Prévisions sombres pour 2016-2017, de la part d’un professeur émérite Rodrigue Tremblay
« Puissiez-vous vivre en des temps intéressants. »
Sort maléfique, censé être la traduction d’une malédiction chinoise traditionnelle
« Les causes d’une déflation ne sont pas un mystère. La déflation est dans presque tous les cas un effet secondaire d’un effondrement de la demande globale —une baisse des dépenses si grave que les producteurs doivent abaisser leurs prix sur une base continue afin de trouver des acheteurs. De même, les effets économiques d’un épisode déflationniste sont, en général, similaires à ceux de toute autre forte baisse dans les dépenses globales, à savoir, une récession, une hausse du chômage, et des troubles financiers. »

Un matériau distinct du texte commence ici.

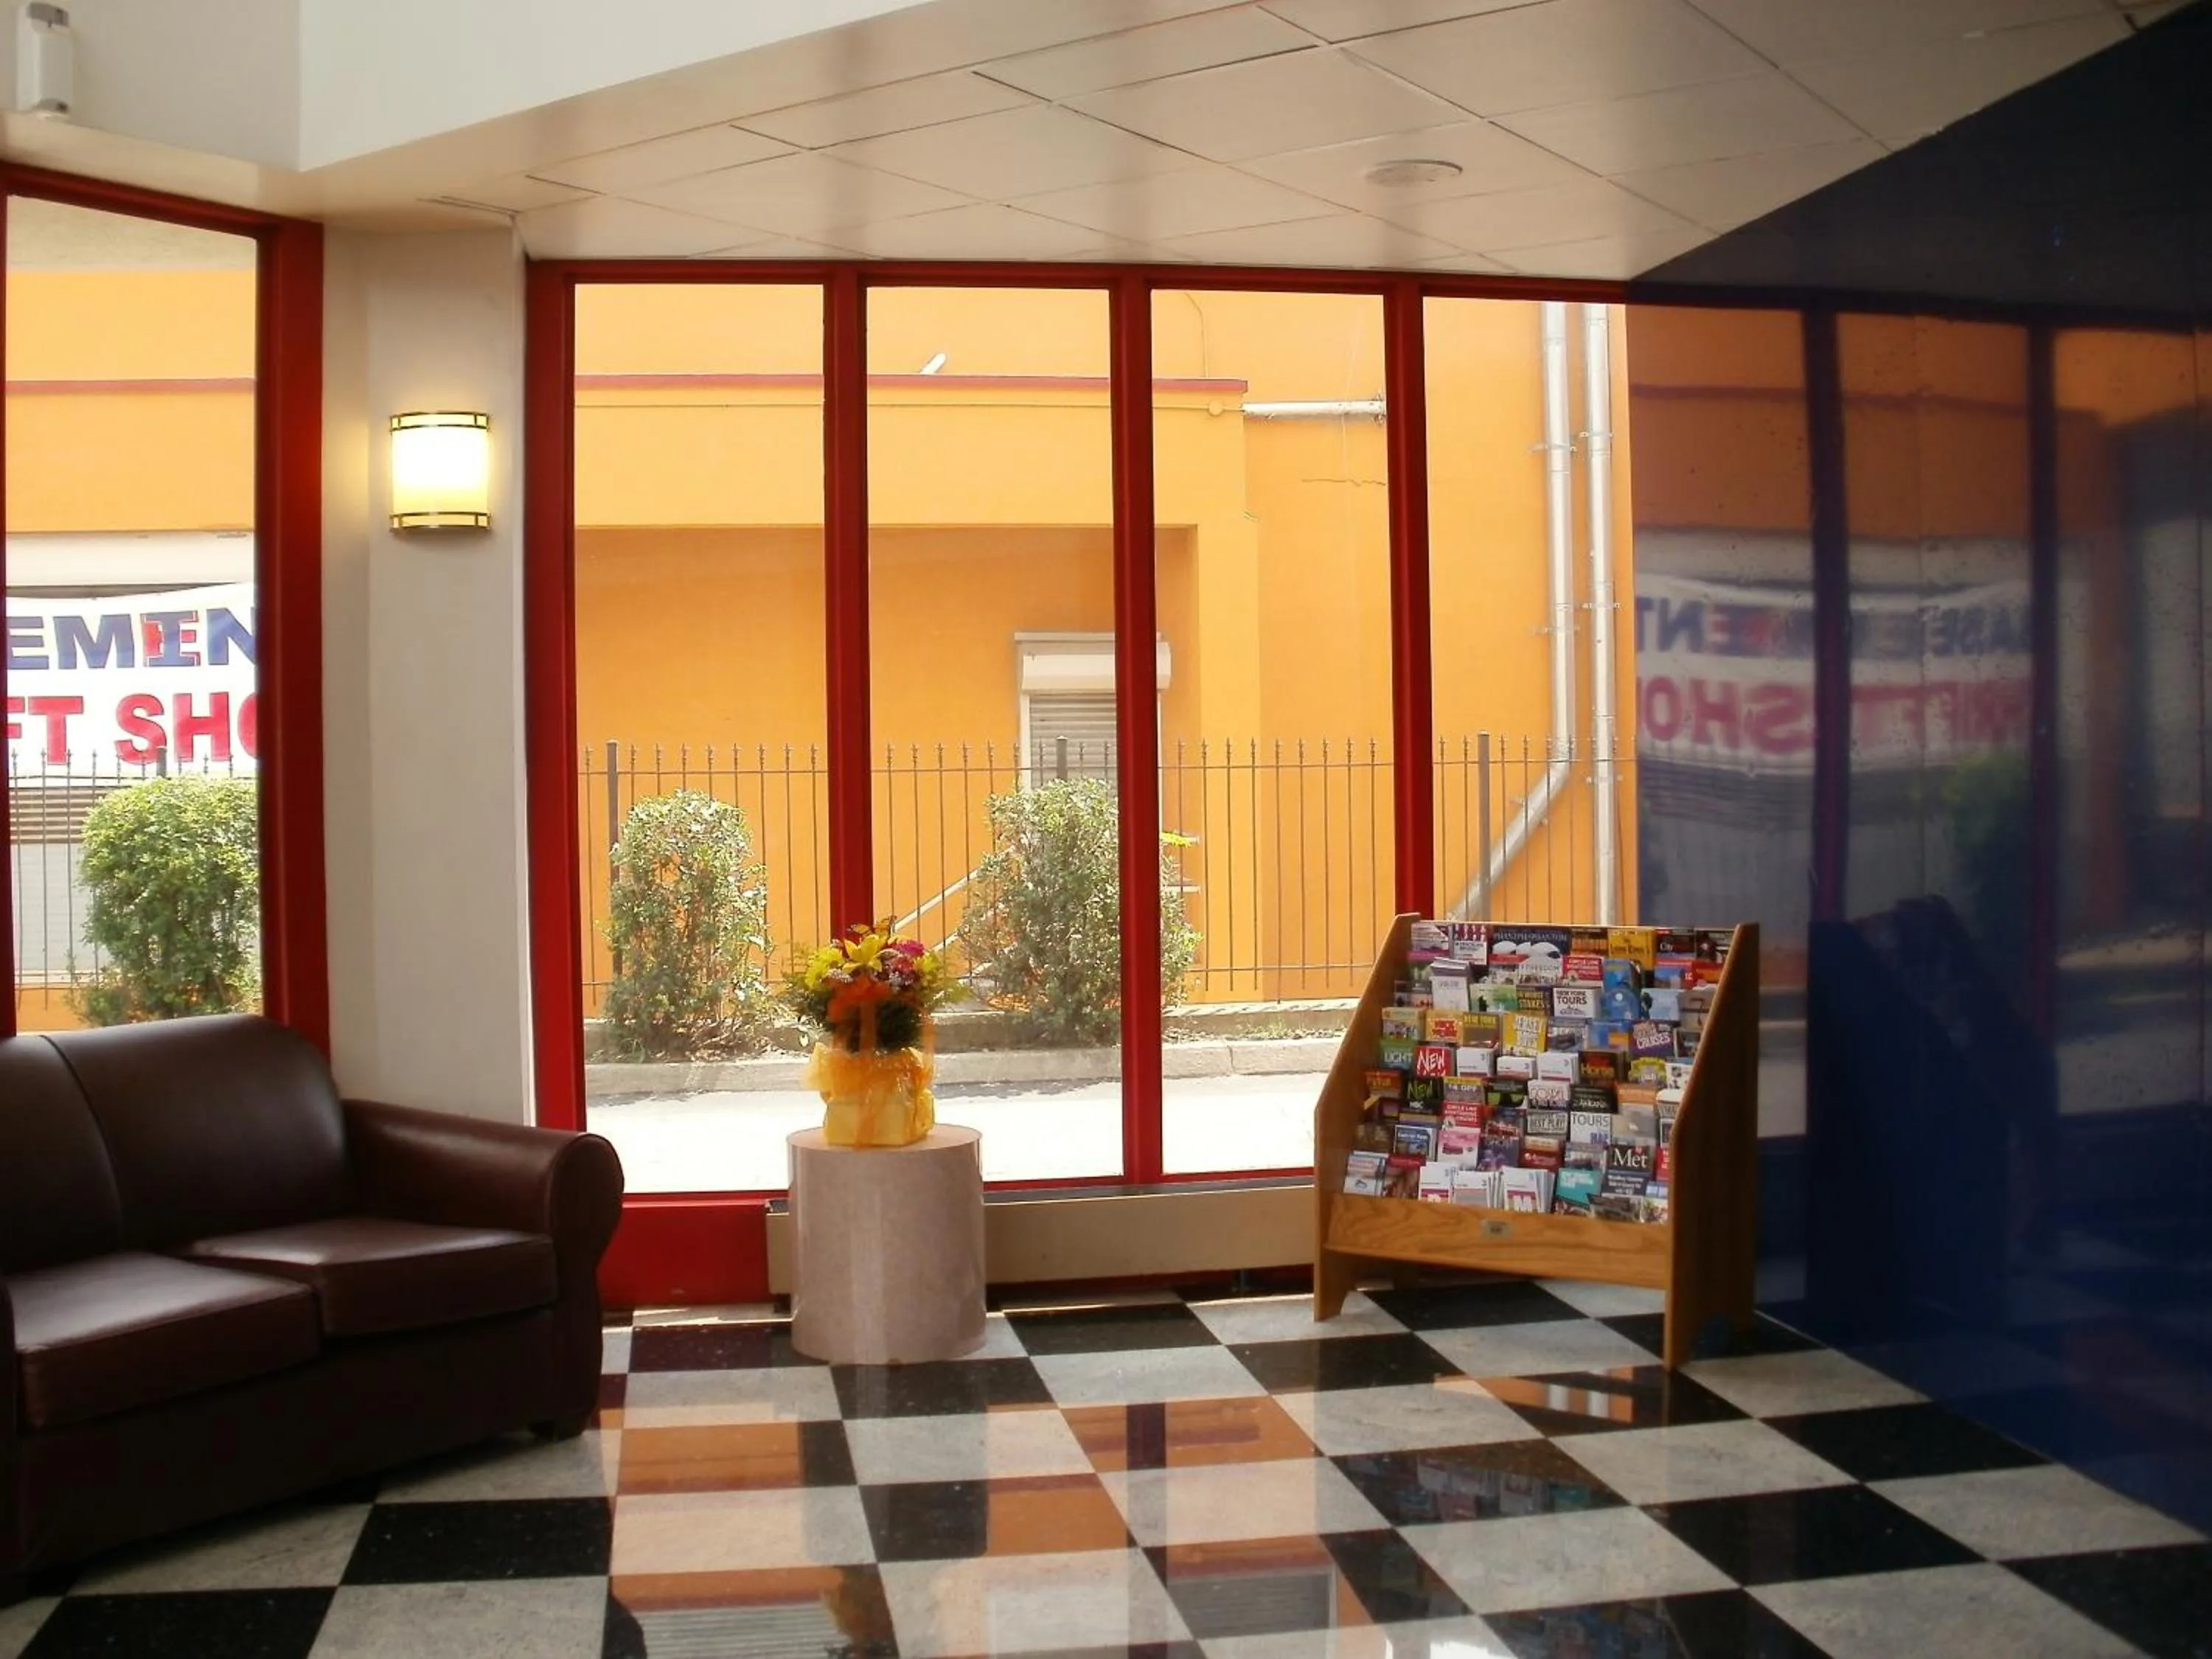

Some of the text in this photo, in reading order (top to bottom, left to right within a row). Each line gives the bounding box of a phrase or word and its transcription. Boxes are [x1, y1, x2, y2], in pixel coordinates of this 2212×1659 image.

Ben S. Bernanke (1953-), le 21 novembre, 2002
« Permettez-moi de réitérer ce que j’ai dit à la même date l’année dernière et l’année précédente… Tôt ou tard, il y aura un crash financier et il sera terrible. Nous entrerons dans un sérieux cercle vicieux et le résultat sera une dépression économique majeure. Il y aura une ruée pour vendre, laquelle dépassera tout ce que nous avons vu à la Bourse. Il serait prudent pour les investisseurs d’alléger dès maintenant leurs dettes. »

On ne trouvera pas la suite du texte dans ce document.